After having spent the last five years feeling guilty, I now, finally, have my laptop backing up the data I care about to another machine on my network. Here’s how I did it. This is a relatively long and complicated process, but it means that it all happens automatically and by magic, and I don’t ever have to interact with it, which is what I want. The first component I needed was some backup space: a machine on my network that I could send the backups to. I did look at online backup space (Amazon’s S3 and similar) like all the cool kids, but I just can’t get on with it, and I resent paying because I’m a cheapskate. So, it was to be a box on my network. Now, there are useful NAS machines around, which just get plugged in and automatically export their disc space (normally as a Windows share, with Samba), and I looked at those too (there’s the Terastation, etc, etc). However, I needed an always-on server for another purpose anyway, so I decided to go with a real machine.

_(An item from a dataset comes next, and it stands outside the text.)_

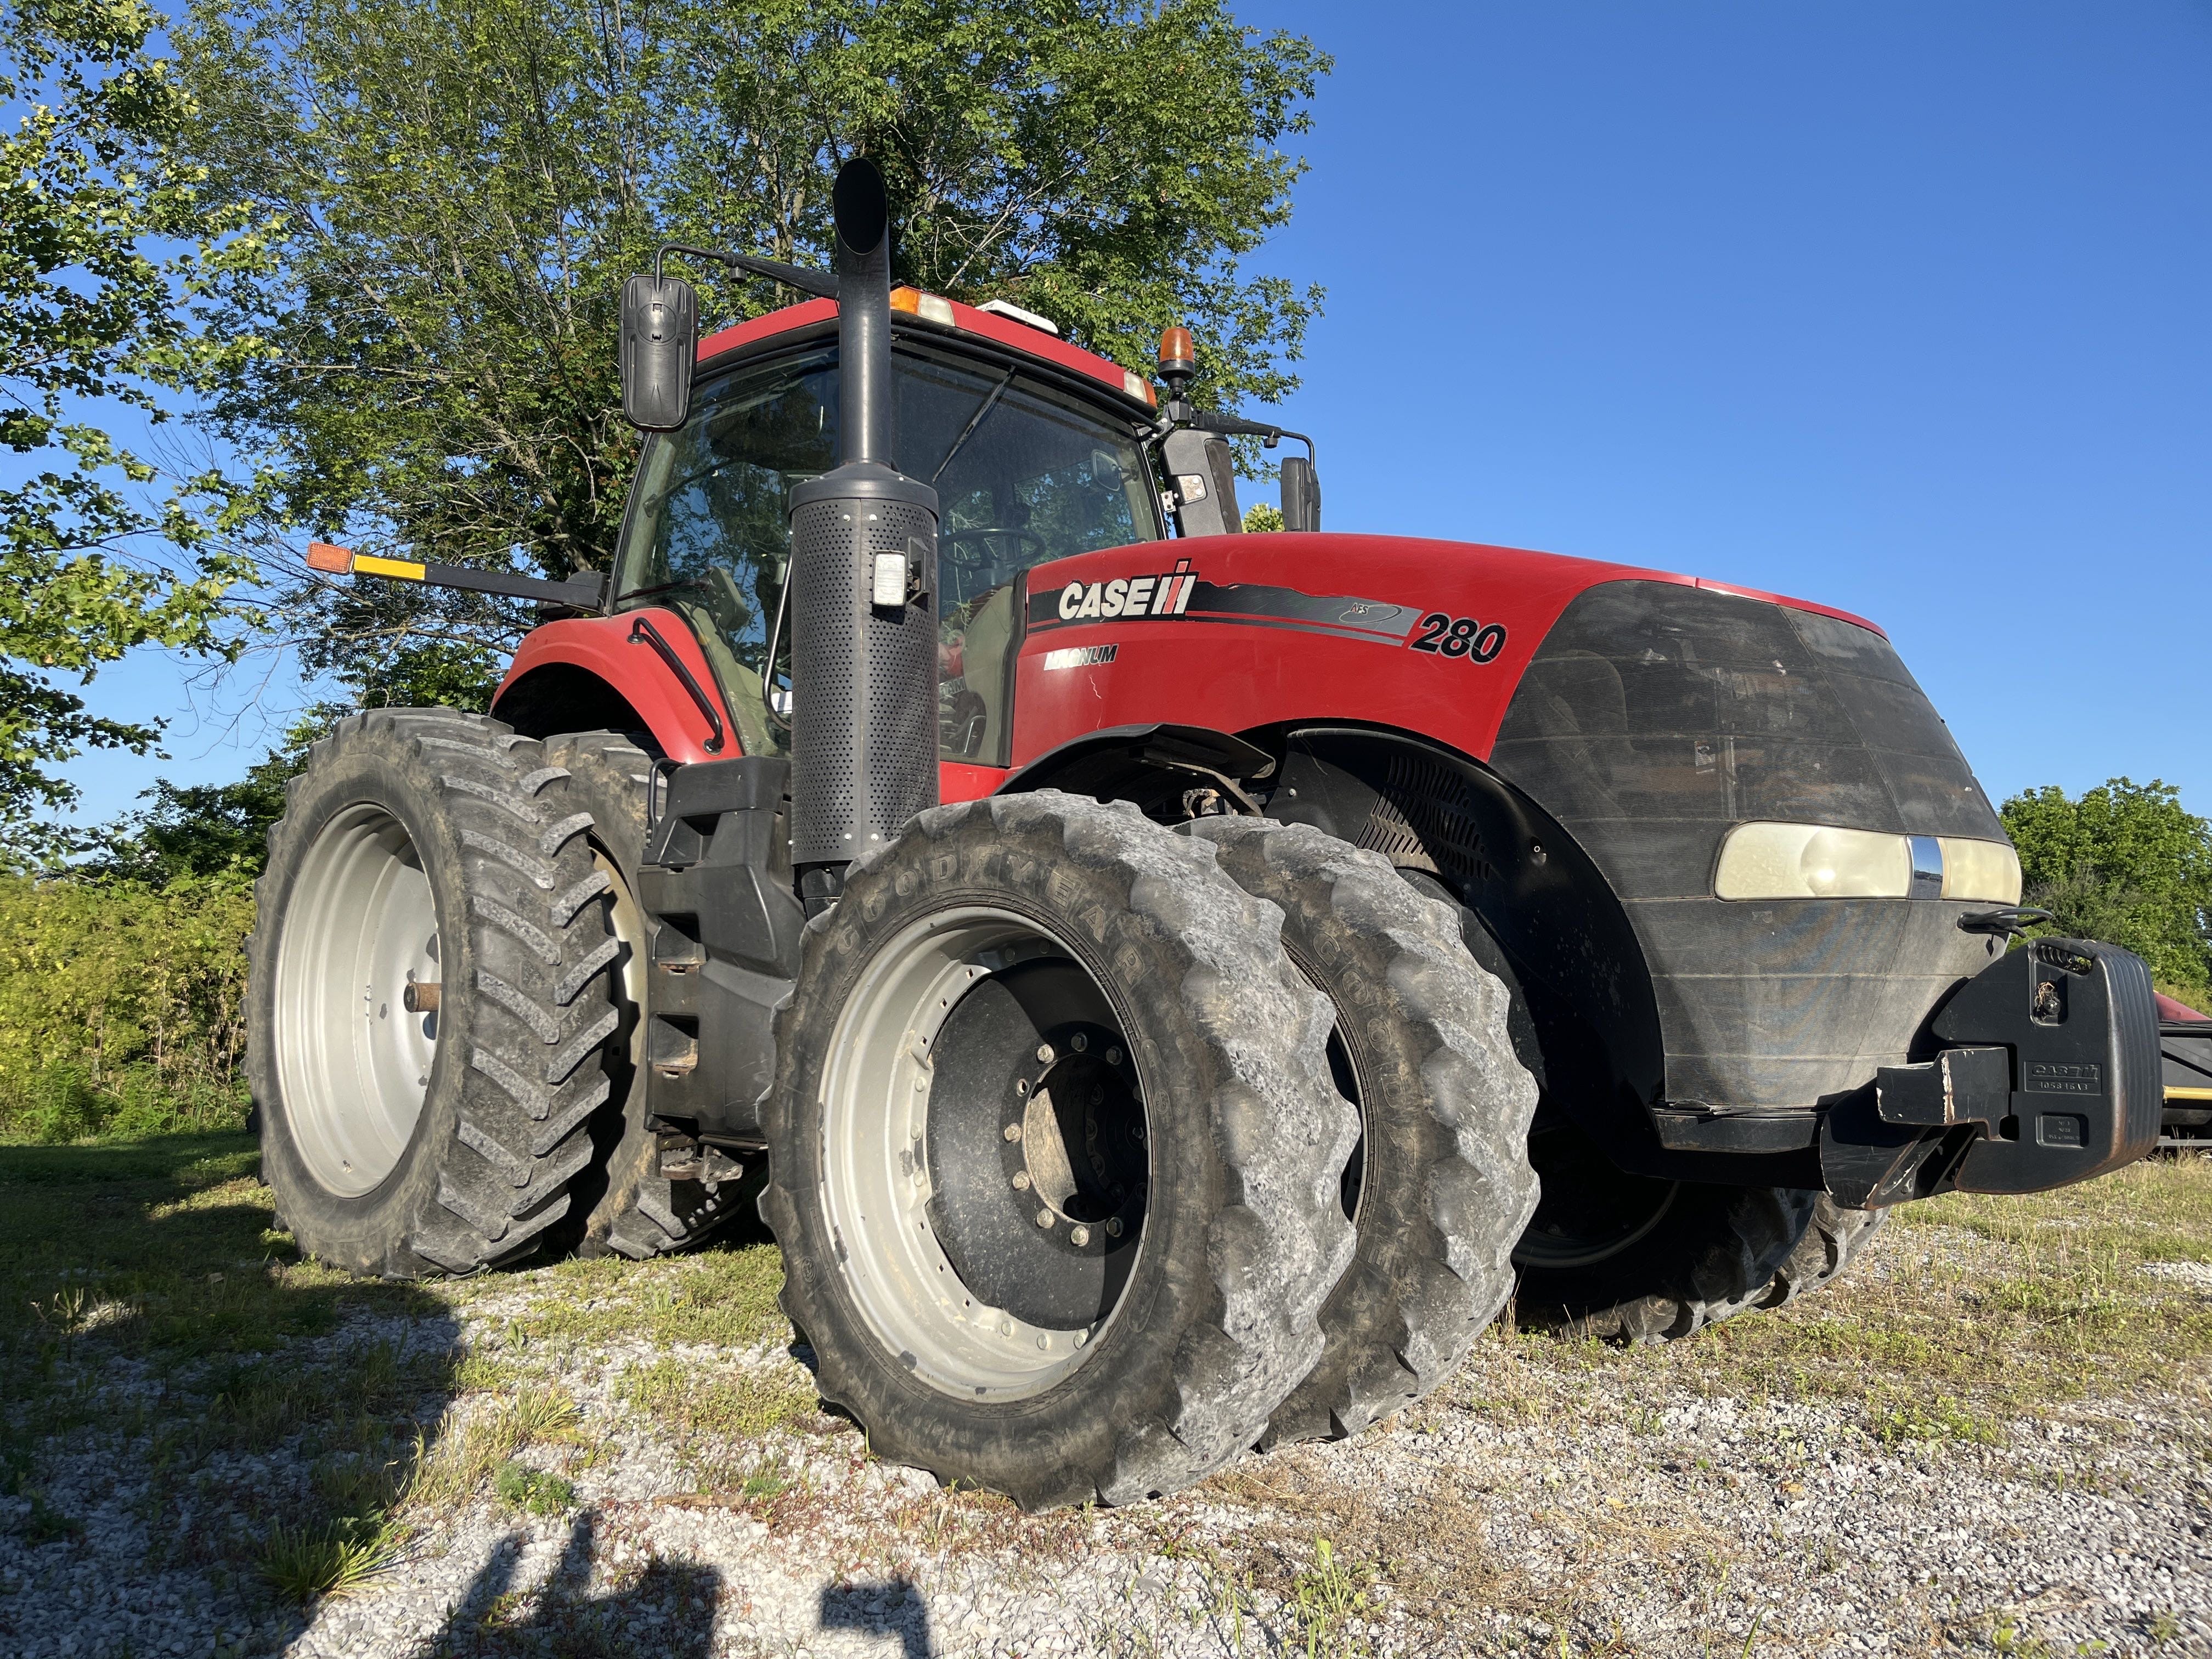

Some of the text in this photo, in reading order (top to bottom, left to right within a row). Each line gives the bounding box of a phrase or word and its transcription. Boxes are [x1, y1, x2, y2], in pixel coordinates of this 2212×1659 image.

A machine cobbled together out of the Big Box Of Machine Bits, of course.
Setting up the server
It’s got two disc drives in it, and I divided the first disc into two partitions, one with 1GB and the other with all the rest. Install Ubuntu Linux 6.10 Edgy, server edition, on the 1GB partition. (I actually installed dapper and then upgraded it to edgy, for that bleeding edge greatness; at this writing, edgy is only at RC stage.) After that, we want to take all the remaining space on the machine (one big partition on disc 1, and all of disc 2) and make them one big block of disc space; this is what LVM, the Linux Volume Manager, is for. Note that all this stuff can be done with proper GUI tools, but I don’t have a GUI on this machine because it’s a server and I’m trying to converse disc space. This bit’s also from memory, so be very careful and don’t just slavishly follow it.

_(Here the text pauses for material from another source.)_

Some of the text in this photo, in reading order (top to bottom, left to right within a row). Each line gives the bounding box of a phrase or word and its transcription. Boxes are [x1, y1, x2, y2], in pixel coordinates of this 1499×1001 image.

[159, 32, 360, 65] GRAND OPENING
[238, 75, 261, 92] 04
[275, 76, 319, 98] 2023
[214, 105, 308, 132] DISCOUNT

# First, make the partition available to LVM, by
# making it a "physical volume". This is LVM-speak for
# "a bit of a disk that I can use"
pvcreate /dev/hda3 # the big partition on the first disc
pvcreate /dev/hdb # and all of the second disc
# Now, create a "volume group". This is LVM-speak for
# "a big block of disc space all managed together"
vgcreate volumegroup /dev/hda3 /dev/hdb
# Next, create a "logical volume". LVM-speak: "something
# that looks like a disc drive, so you can mount it"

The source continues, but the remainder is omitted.